# ACTIVITY
All of the data is to be printed exactly, though the images must be left off.

[Items listed in a dataset]
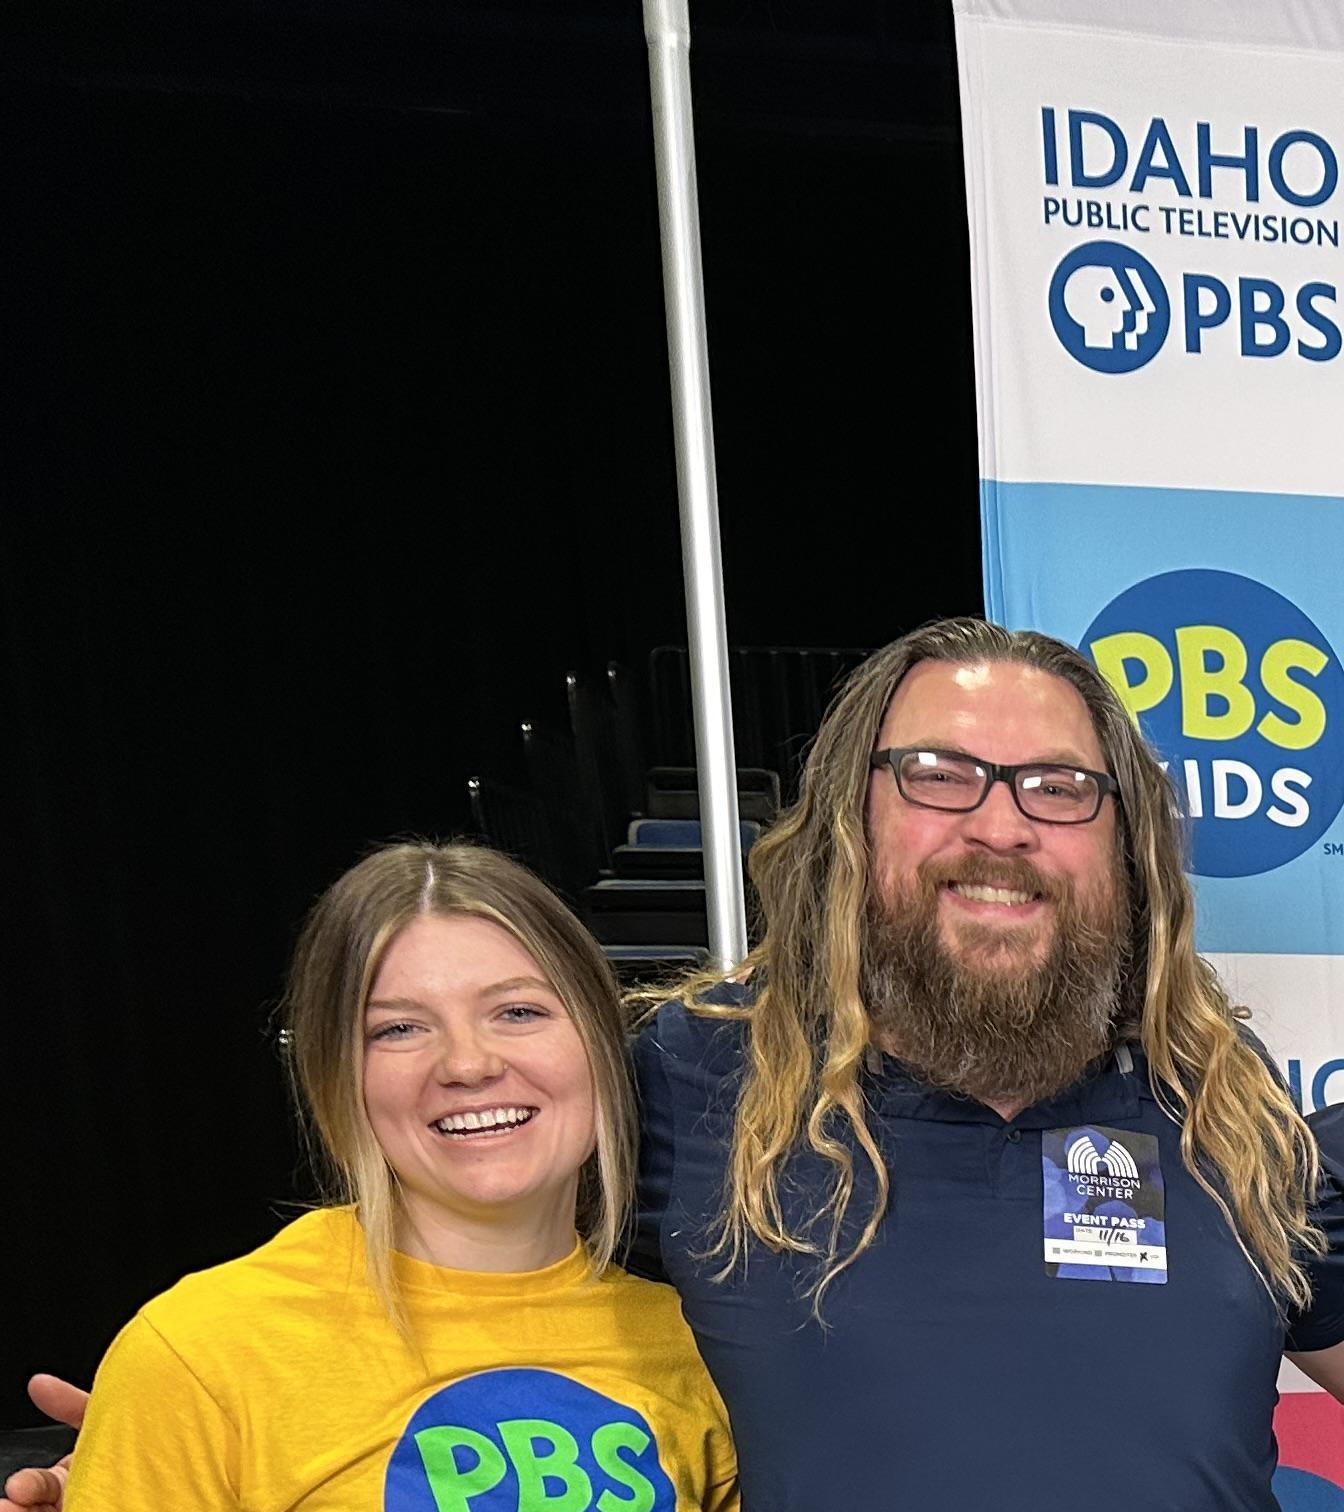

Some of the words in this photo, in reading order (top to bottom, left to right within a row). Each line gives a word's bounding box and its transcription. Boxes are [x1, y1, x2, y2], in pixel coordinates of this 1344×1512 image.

[1039, 106, 1339, 208] IDAHO
[1043, 197, 1151, 235] PUBLIC
[1158, 206, 1339, 249] TELEVISION
[1184, 272, 1343, 363] PBS
[1090, 625, 1329, 750] PBS
[1160, 759, 1313, 827] IDS
[1323, 843, 1344, 855] SM
[1068, 1174, 1141, 1190] MORRISON
[1077, 1185, 1134, 1200] CENTER
[1063, 1213, 1108, 1226] EVENT
[1111, 1217, 1146, 1229] PASS
[1099, 1226, 1130, 1246] 11/16

# TASK ANSWER
Some of the words in this photo, in reading order (top to bottom, left to right within a row). Each line gives a word's bounding box and its transcription. Boxes are [x1, y1, x2, y2], in pixel coordinates of this 1344×1512 image.

[1039, 106, 1339, 208] IDAHO
[1043, 197, 1151, 235] PUBLIC
[1158, 206, 1339, 249] TELEVISION
[1184, 272, 1343, 363] PBS
[1090, 625, 1329, 750] PBS
[1160, 759, 1313, 827] IDS
[1323, 843, 1344, 855] SM
[1068, 1174, 1141, 1190] MORRISON
[1077, 1185, 1134, 1200] CENTER
[1063, 1213, 1108, 1226] EVENT
[1111, 1217, 1146, 1229] PASS
[1099, 1226, 1130, 1246] 11/16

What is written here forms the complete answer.